Free-text object descriptions:

※ ※ ※

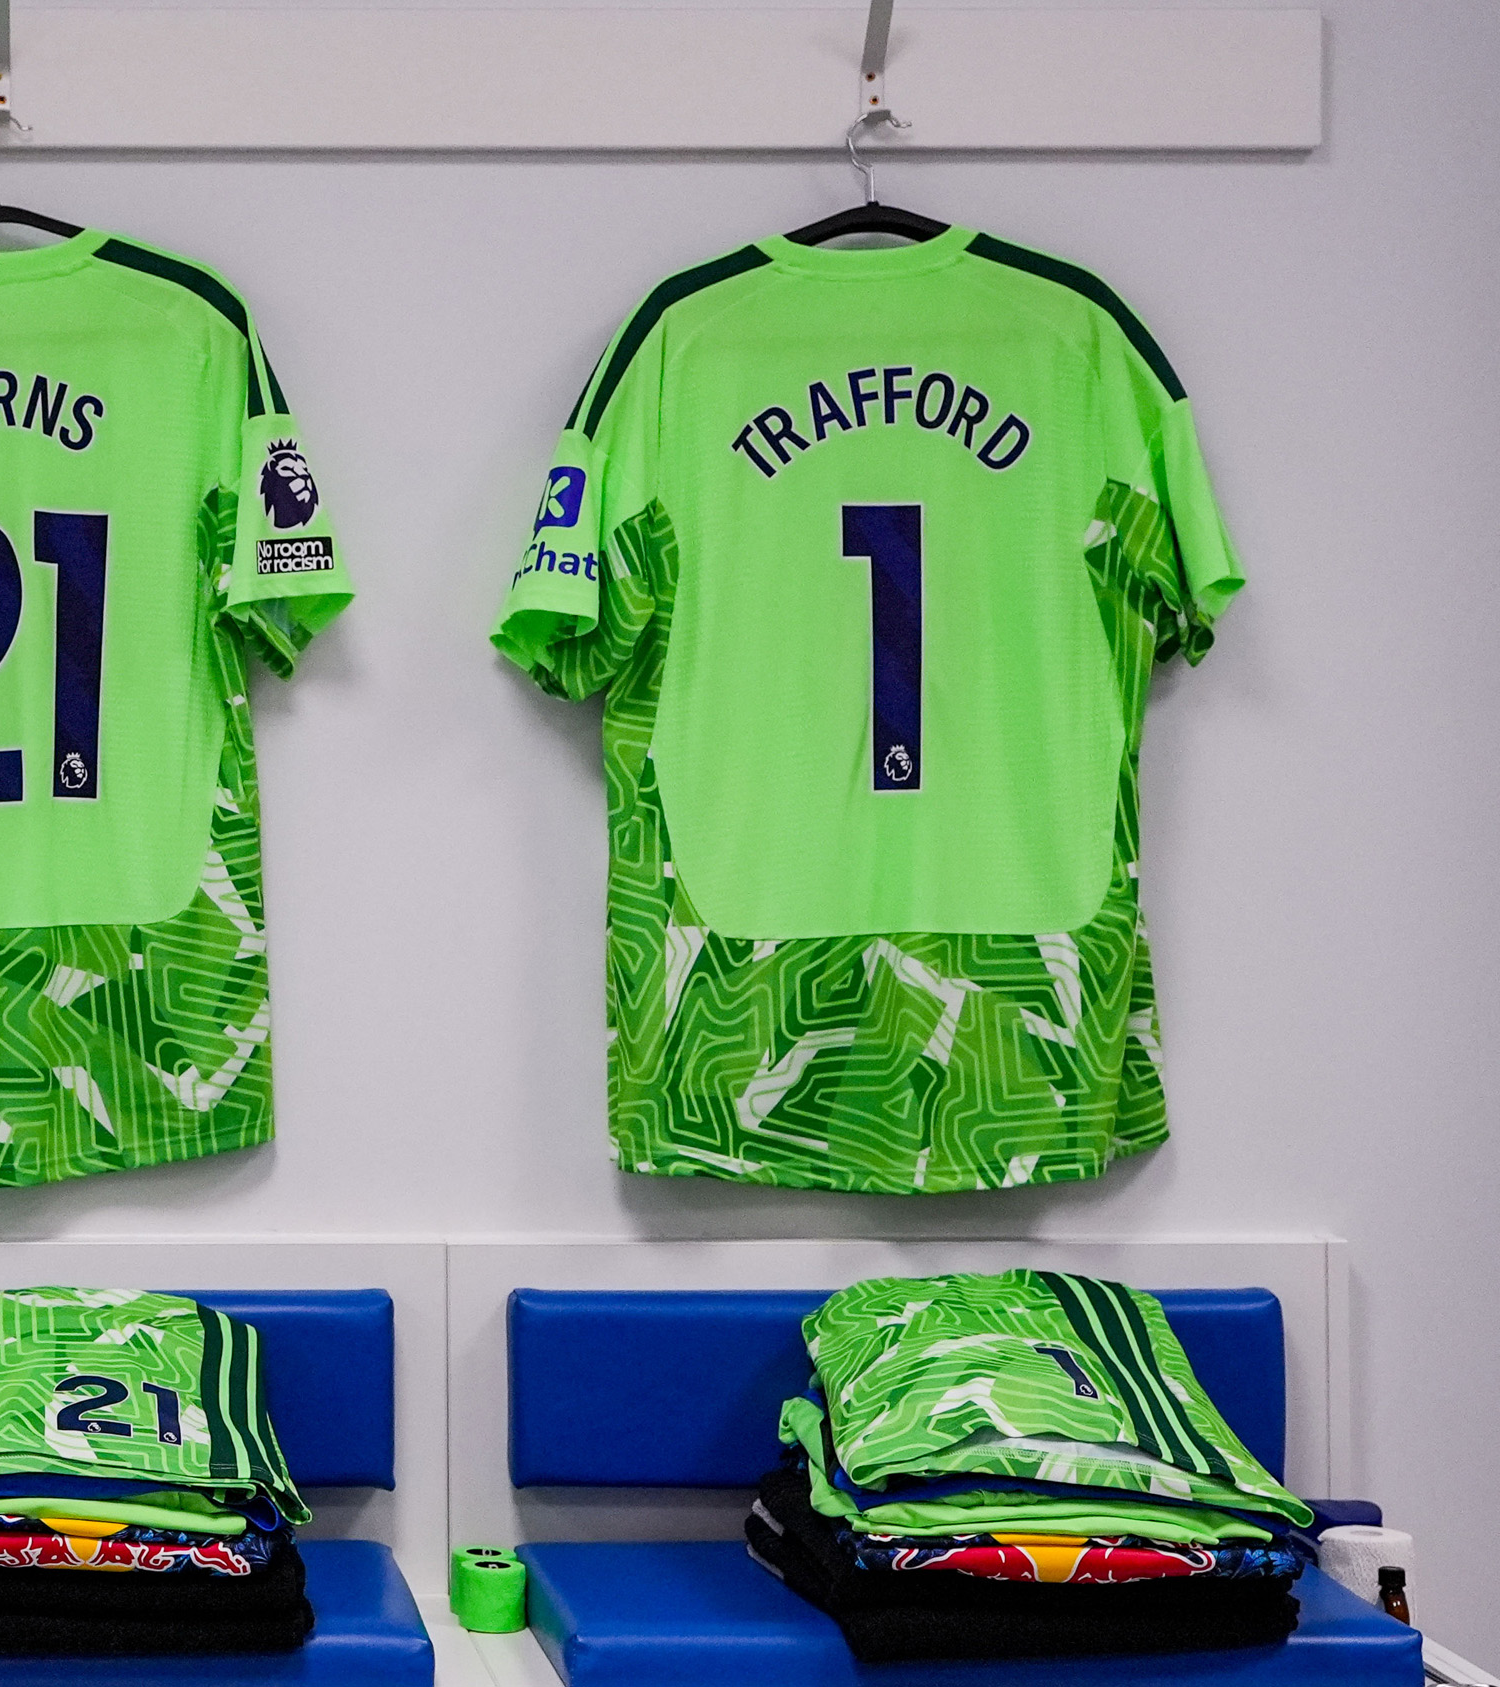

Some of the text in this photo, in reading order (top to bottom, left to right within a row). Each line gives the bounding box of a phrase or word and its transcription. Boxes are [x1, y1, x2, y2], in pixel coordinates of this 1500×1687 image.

[731, 366, 1030, 479] TRAFFORD
[257, 540, 324, 558] No room
[273, 555, 333, 573] racism
[511, 541, 598, 591] Chat
[841, 504, 923, 791] 1
[1034, 1346, 1099, 1399] 1
[53, 1374, 183, 1446] 21

※ ※ ※

[WHAT YOU HAVE TO DO] Copy every entry exactly; drop the pictures.

[OUTPUT OF THE EXERCISE]
Some of the text in this photo, in reading order (top to bottom, left to right within a row). Each line gives the bounding box of a phrase or word and its transcription. Boxes are [x1, y1, x2, y2], in pixel coordinates of this 1500×1687 image.

[731, 366, 1030, 479] TRAFFORD
[257, 540, 324, 558] No room
[273, 555, 333, 573] racism
[511, 541, 598, 591] Chat
[841, 504, 923, 791] 1
[1034, 1346, 1099, 1399] 1
[53, 1374, 183, 1446] 21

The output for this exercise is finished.